▶ [ASSIGNMENT] Reproduce the entries word for word but drop every picture.

▶ [INFORMATION]

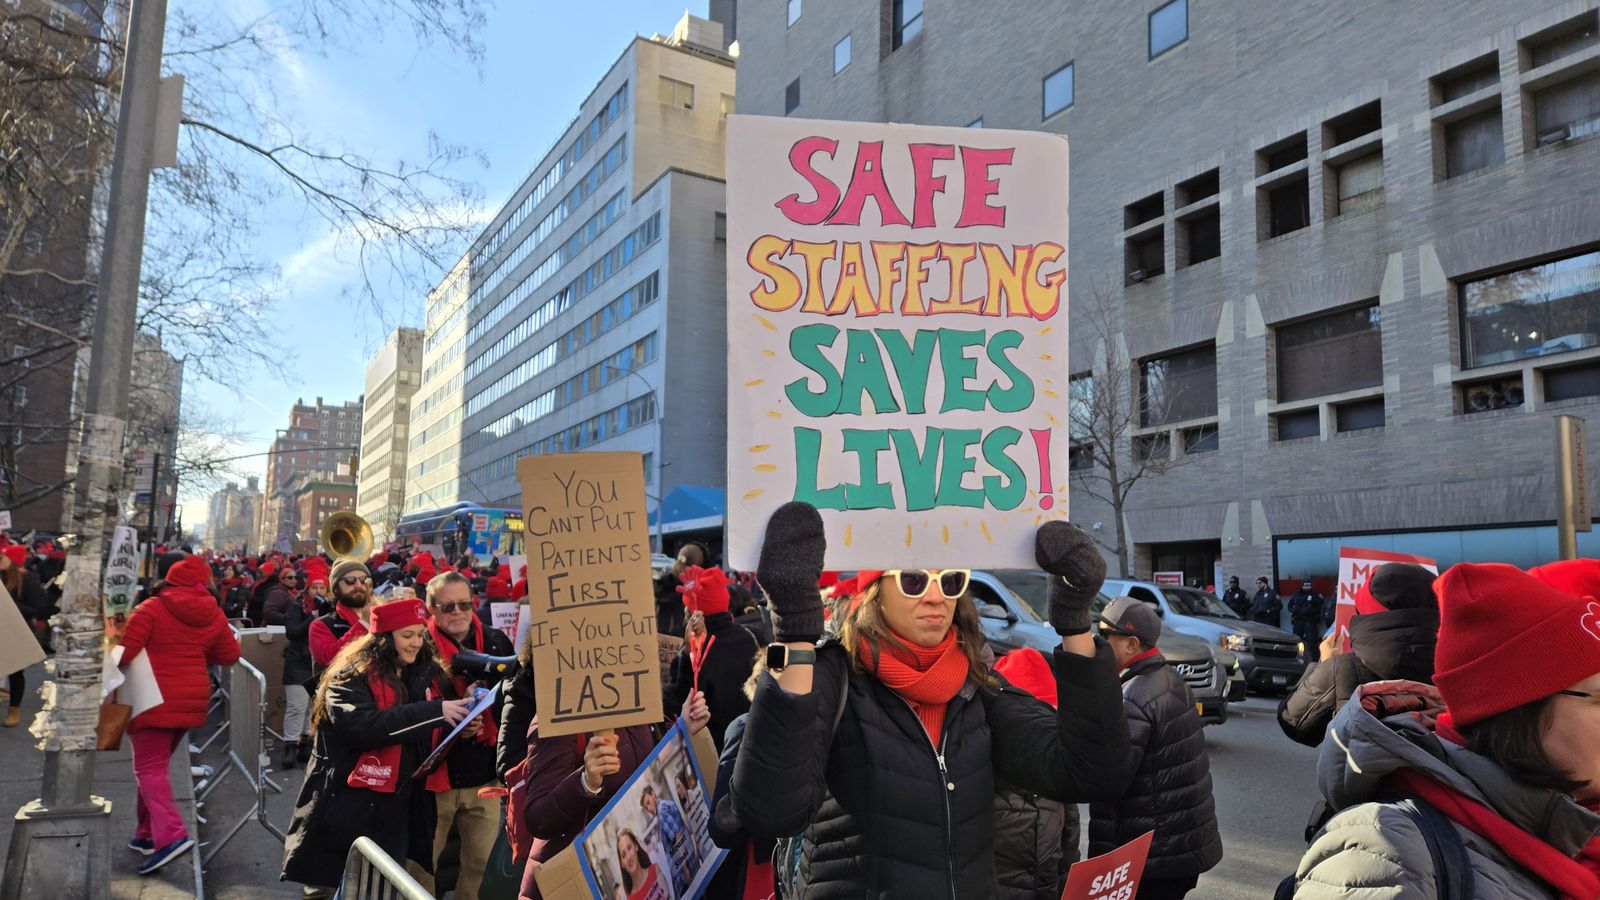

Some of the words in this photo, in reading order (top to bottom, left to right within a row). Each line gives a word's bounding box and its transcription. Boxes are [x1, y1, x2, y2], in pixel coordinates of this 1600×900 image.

[775, 136, 1015, 229] SAFE
[747, 235, 1066, 321] STAFFING
[785, 324, 1034, 417] SAVES
[792, 426, 1055, 511] LIVES!
[1575, 423, 1587, 525] EMERGENCY
[553, 470, 618, 508] YOU
[590, 506, 636, 533] PUT
[541, 541, 642, 570] PATIENTS
[547, 572, 626, 608] FIRST
[531, 620, 560, 648] IF
[557, 644, 645, 673] NURSES
[555, 669, 649, 716] LAST
[1088, 861, 1131, 896] SAFE

▶ [ANSWER BELOW]
Some of the words in this photo, in reading order (top to bottom, left to right within a row). Each line gives a word's bounding box and its transcription. Boxes are [x1, y1, x2, y2], in pixel coordinates of this 1600×900 image.

[775, 136, 1015, 229] SAFE
[747, 235, 1066, 321] STAFFING
[785, 324, 1034, 417] SAVES
[792, 426, 1055, 511] LIVES!
[1575, 423, 1587, 525] EMERGENCY
[553, 470, 618, 508] YOU
[590, 506, 636, 533] PUT
[541, 541, 642, 570] PATIENTS
[547, 572, 626, 608] FIRST
[531, 620, 560, 648] IF
[557, 644, 645, 673] NURSES
[555, 669, 649, 716] LAST
[1088, 861, 1131, 896] SAFE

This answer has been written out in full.